The House Republicans actually did manage to get a tax cuts bill together, or at least the draft of one that is subject to a lot of change as various lobbyists start ramping up the pressure, now that the broad outlines are out there in public. In the broadest terms, blue states and their residents are losing, corporations and really rich families—and Donald Trump in particular—are winning. Here's some of the lowlights.
It chops the corporate tax rate from 35 percent to 20 percent. Corporations are really the biggest winners here. It keeps the top bracket of 39.6 percent for high-income households, but raises the income threshold for that rate to $1 million for married couples. It compresses the remaining individual brackets from six into four—to 12 percent, 25 percent and 35 percent. It doesn't mean drastic changes on the straight income tax level for the middle class (it really helps the wealthy), but the devil shows up in details, particularly in a bill that's supposed to be helping the middle class.
- Want a new house? If you're in a big city or a blue state, you'd be screwed. It limits the mortgage tax deduction of $500,000 for new home purchases. Existing mortgages will be grandfathered. The realtors are already fighting that one, as are the homebuilders. Just the release of the plan was an immediate and huge hit to them on the S&P exchange.
- Have a student loan? Bad news. It repeals the deduction for student-loan interest.
- Have high medical costs? You're hit, too. It repeals the itemized deduction for medical expenses.
- Have children? The child tax credit would be increased from $1,000 to $1,600, though the $4,050 per child exemption would be repealed. In return, it creates a new $300 credit for each person in a filer’s family who isn’t a child. But that tax credit expires in six years. Note that none of the breaks that corporations are getting will ever expire.
- Do you want to adopt a child? You won't get a tax break. It repeals the tax credit for that, because family values.
- How about charitable giving? It keeps that deduction, BUT nearly doubles the standard deduction, from $12,700 to $24,000 for married couples filing jointly. That's potentially bad news for charities—higher standard deduction means less incentive for charitable giving so that people can itemize deductions for a bigger break.
- Pay a lot in local taxes? Bad news here, too. It repeals the deduction for state and local income and sales taxes. You would still get a deduction for property taxes, up to $10,000.
Jam the phone lines of House Republicans to make sure they can't pass the tax bill. Call your House member at (202) 224-3121, and tell them NO on the Republican tax plan that showers more breaks on the wealthy.
It really helps corporations and the very rich, and of course Donald Trump.
- Almost all of the cuts go to corporations, in that corporate tax rate cut from 35 percent to 20 percent. But they also gain in income earned abroad which will either be not taxed at all, or taxed at a much lower rate than 20 percent. This, of course, trickles down the wealthy and very wealthy who earn a disproportionate share of their income from capital like stock sales and dividends.

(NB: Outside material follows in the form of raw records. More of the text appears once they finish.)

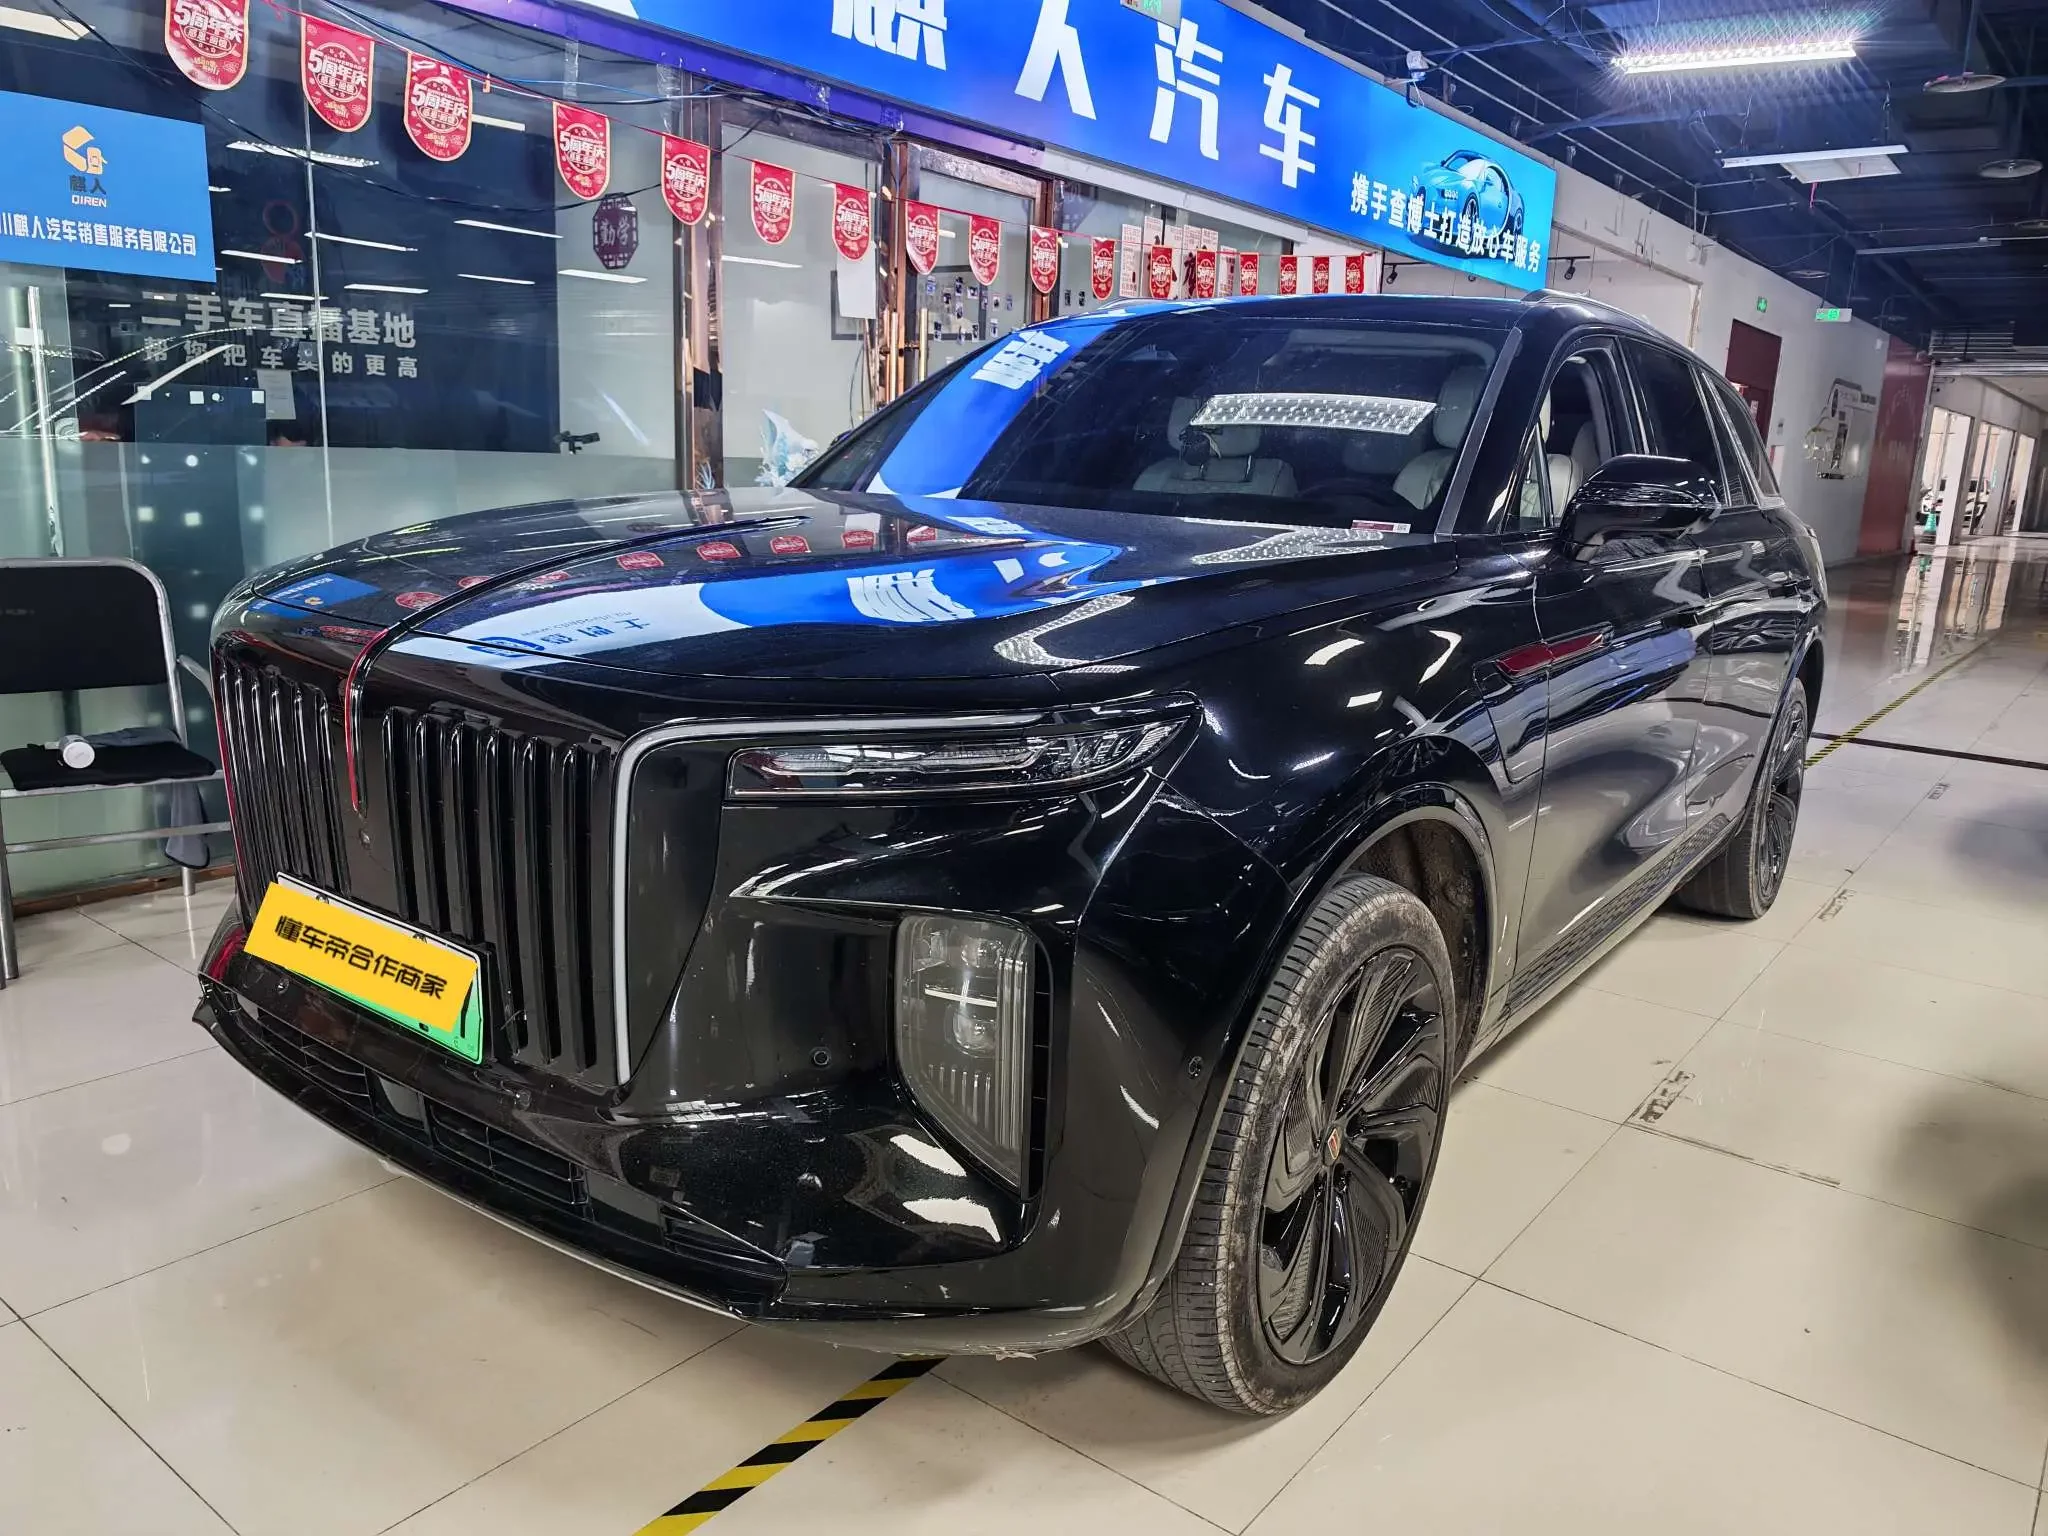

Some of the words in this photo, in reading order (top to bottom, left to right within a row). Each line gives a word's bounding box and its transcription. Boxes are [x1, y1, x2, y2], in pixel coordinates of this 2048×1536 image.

[308, 48, 368, 88] 5周年庆
[411, 82, 468, 118] 5周年庆
[71, 194, 107, 208] QIREN
[1350, 171, 1541, 273] 携手查博士打造放心车服务
[141, 291, 417, 349] 二手车直播基地
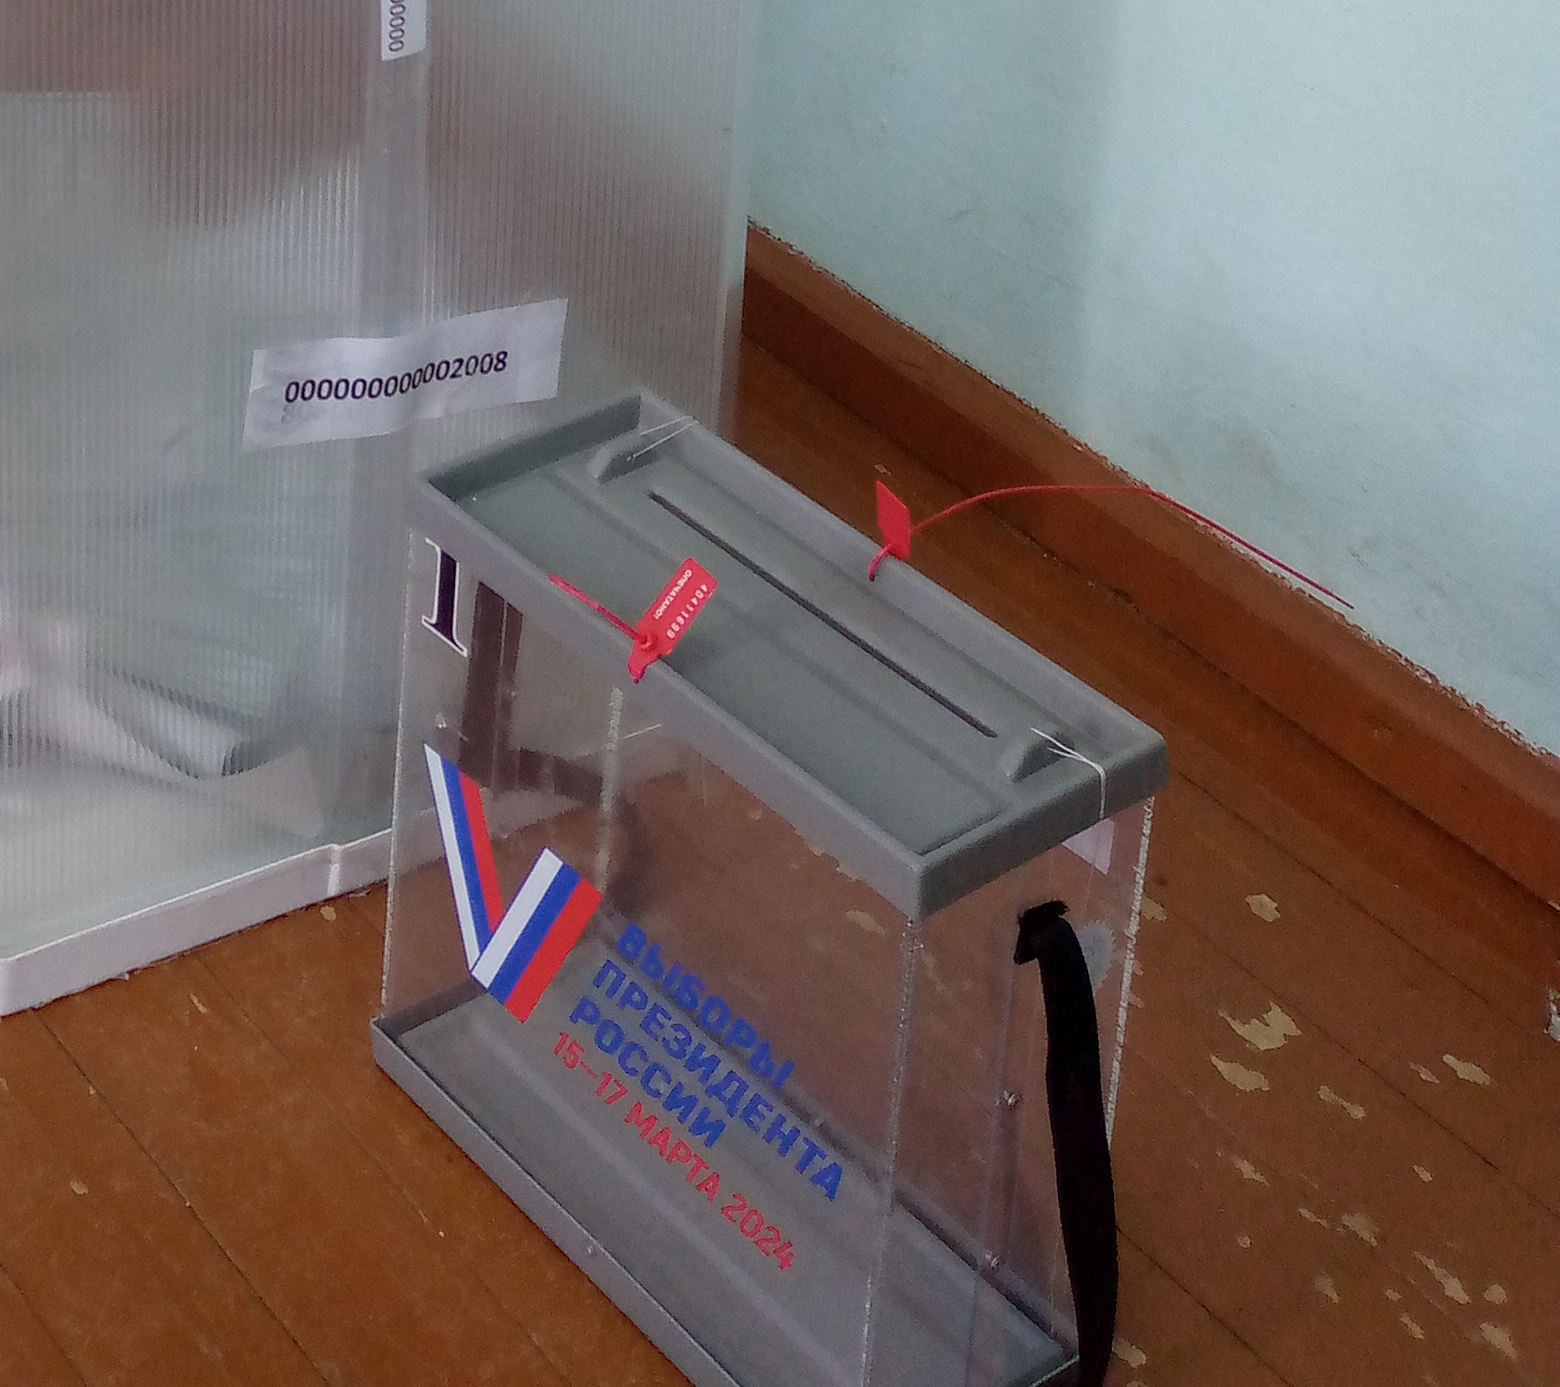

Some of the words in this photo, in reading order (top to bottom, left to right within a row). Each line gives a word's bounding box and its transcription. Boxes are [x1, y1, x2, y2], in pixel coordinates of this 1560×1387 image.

[284, 349, 509, 404] 000000000002008
[652, 568, 694, 621] ОПЕЧАТАНО!
[570, 997, 727, 1148] РОССИИ
[592, 959, 844, 1201] ПРЕЗИДЕНТА
[616, 922, 796, 1090] ВЫБОРЫ
[553, 1031, 628, 1105] 15–17
[624, 1101, 721, 1202] МАРТА
[721, 1192, 794, 1271] 2024
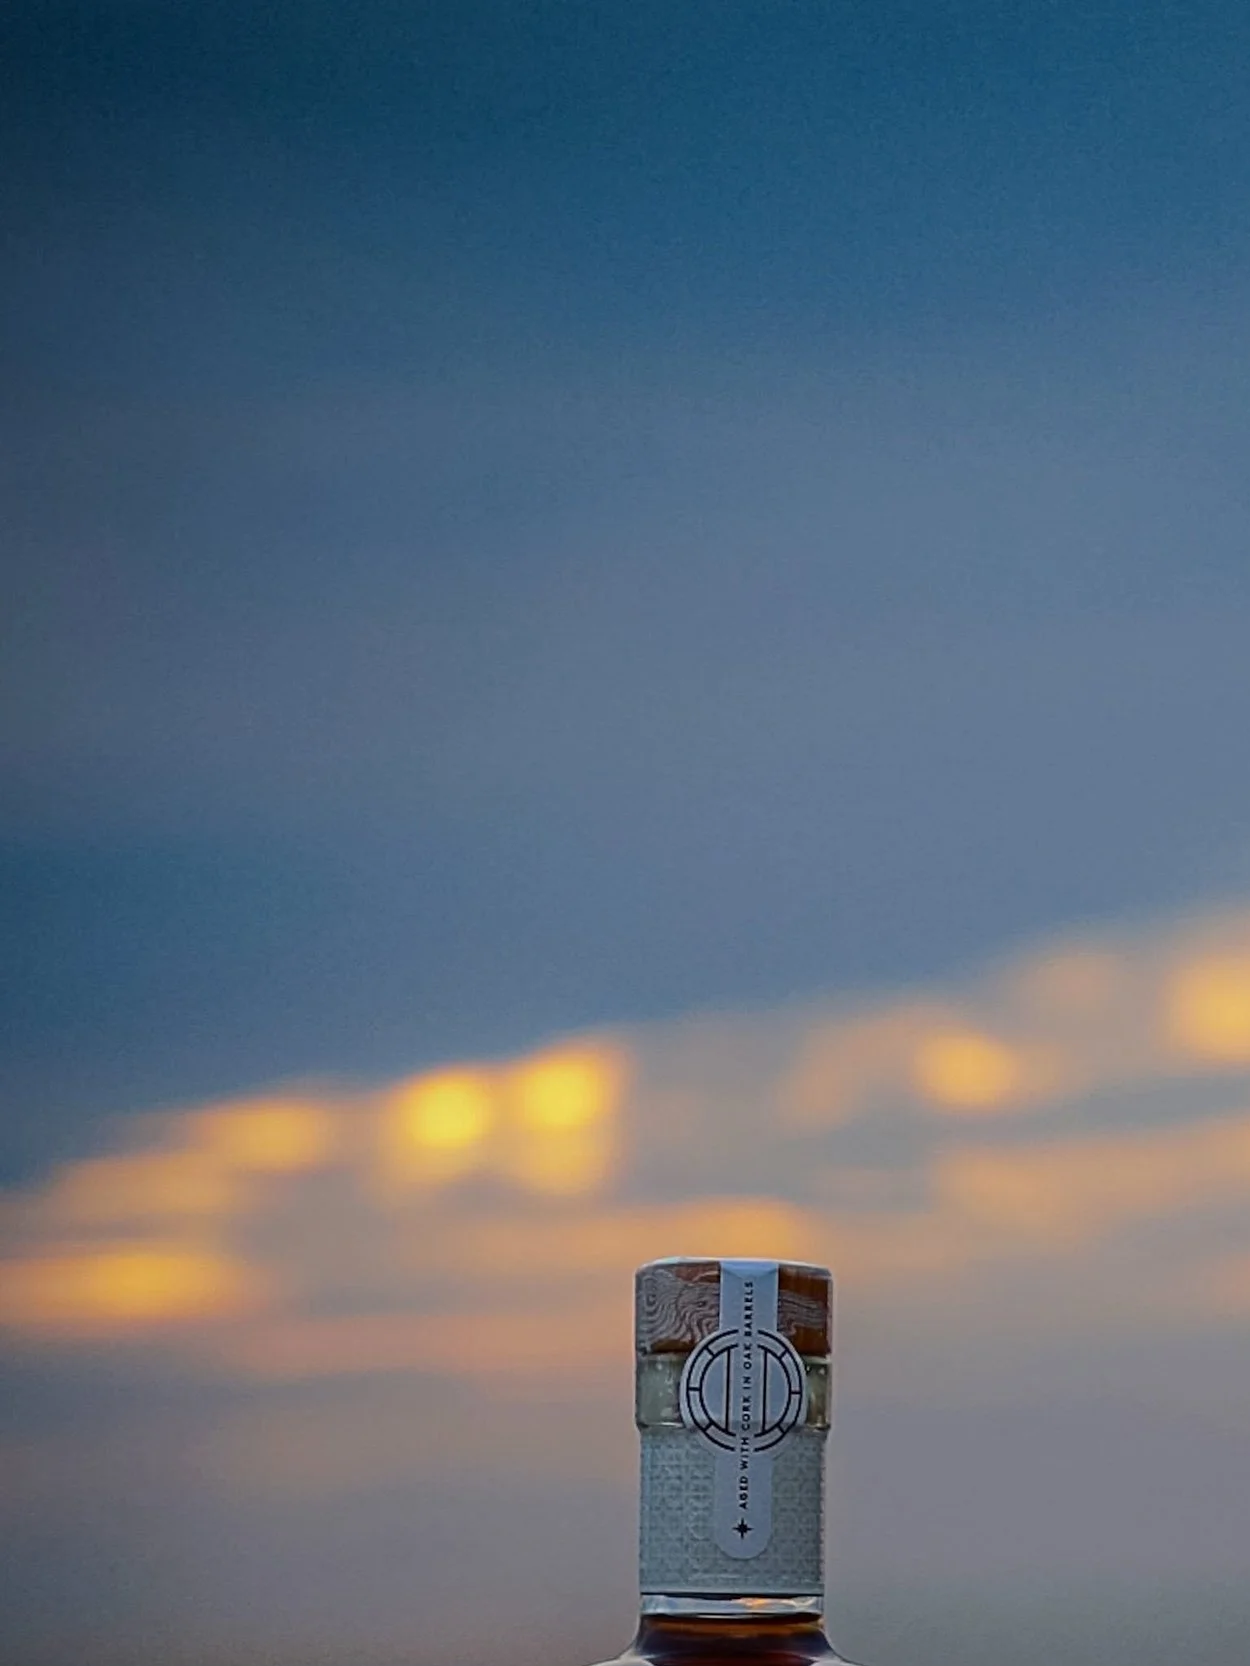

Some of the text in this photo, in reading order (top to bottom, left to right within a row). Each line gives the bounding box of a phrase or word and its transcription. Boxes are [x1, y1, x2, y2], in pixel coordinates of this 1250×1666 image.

[739, 1282, 754, 1510] AGED WITH CORK IN OAK BARRELS
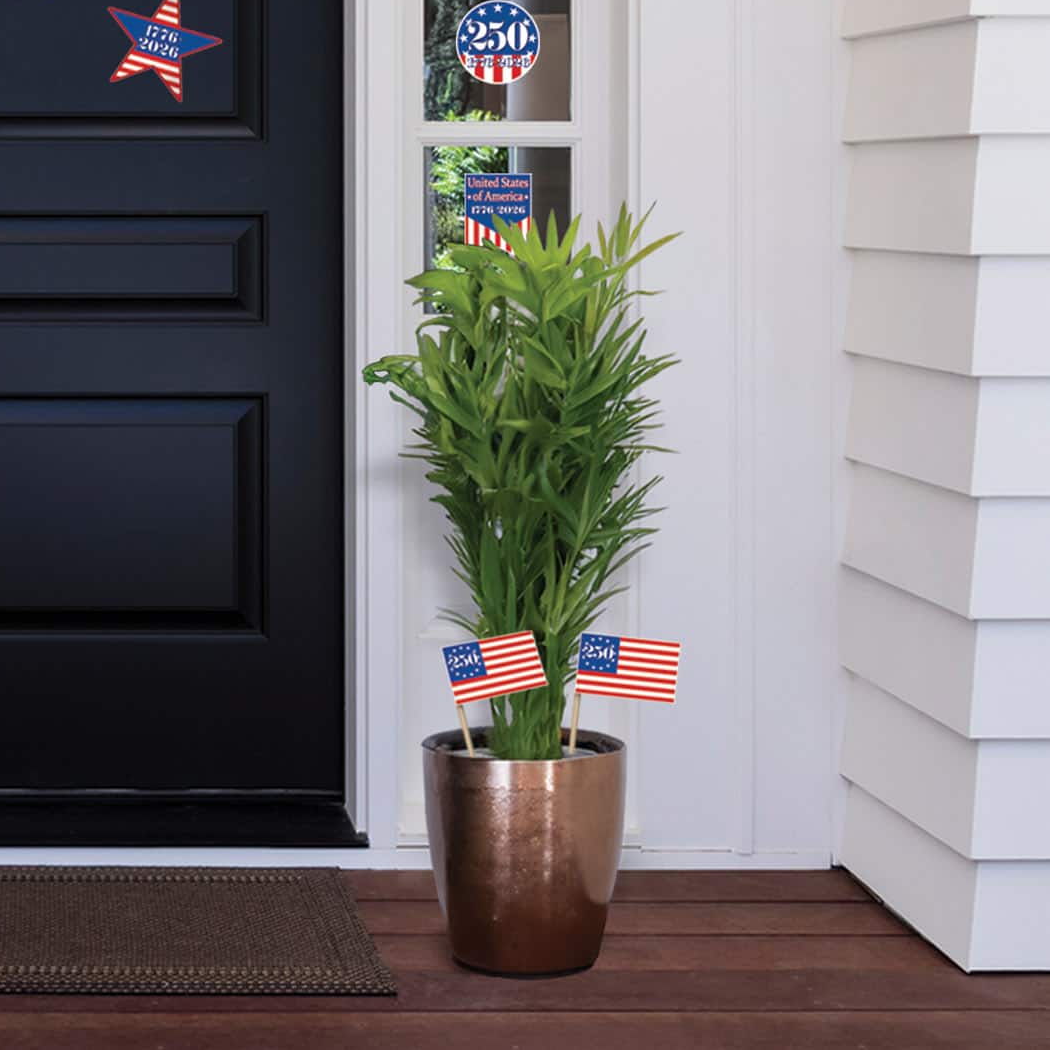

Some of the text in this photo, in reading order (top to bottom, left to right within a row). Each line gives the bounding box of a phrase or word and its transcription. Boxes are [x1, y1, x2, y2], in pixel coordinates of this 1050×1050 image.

[467, 20, 528, 51] 250
[139, 37, 180, 58] 2026
[467, 176, 529, 188] United States
[484, 189, 524, 202] America
[450, 652, 478, 668] 250
[584, 644, 614, 660] 250

- The just wealthy and not ultra wealthy—people making in the mid- to high-six figures—move down a bracket to a lower rate.
- The Trump Organization and other "pass through" companies, get a big break. It has some provisions which could conceivably curtail the passive owners of these companies from using them as tax shelters for their personal income, but those restrictions are limited. Trump would still come out just fine with this one.
- The alternative minimum tax, or the AMT, is repealed. The AMT has been around for four decades, and was created to make sure that really wealthy people couldn't take advantage of credits and deductions to reduce their tax bills to almost nothing. The AMT accounts for $31 million of Trump's 2005 $38 million tax bill. (We only know about his 2005 taxes—he hasn't released any other returns.)
- The estate tax is phased out—reduced by increasing the exemption and applying it to a smaller set of the very wealthy—then repealed entirely in six years.
This is a draft and is going to subject to a lot of change now that the proposals are actually out there on paper and the various interest groups—and us!—will start making noise about it. Already you have grousing from the maniacs that it doesn't include any Obamacare repeal, and the deficit peacocks and powerful groups like the small-business lobby.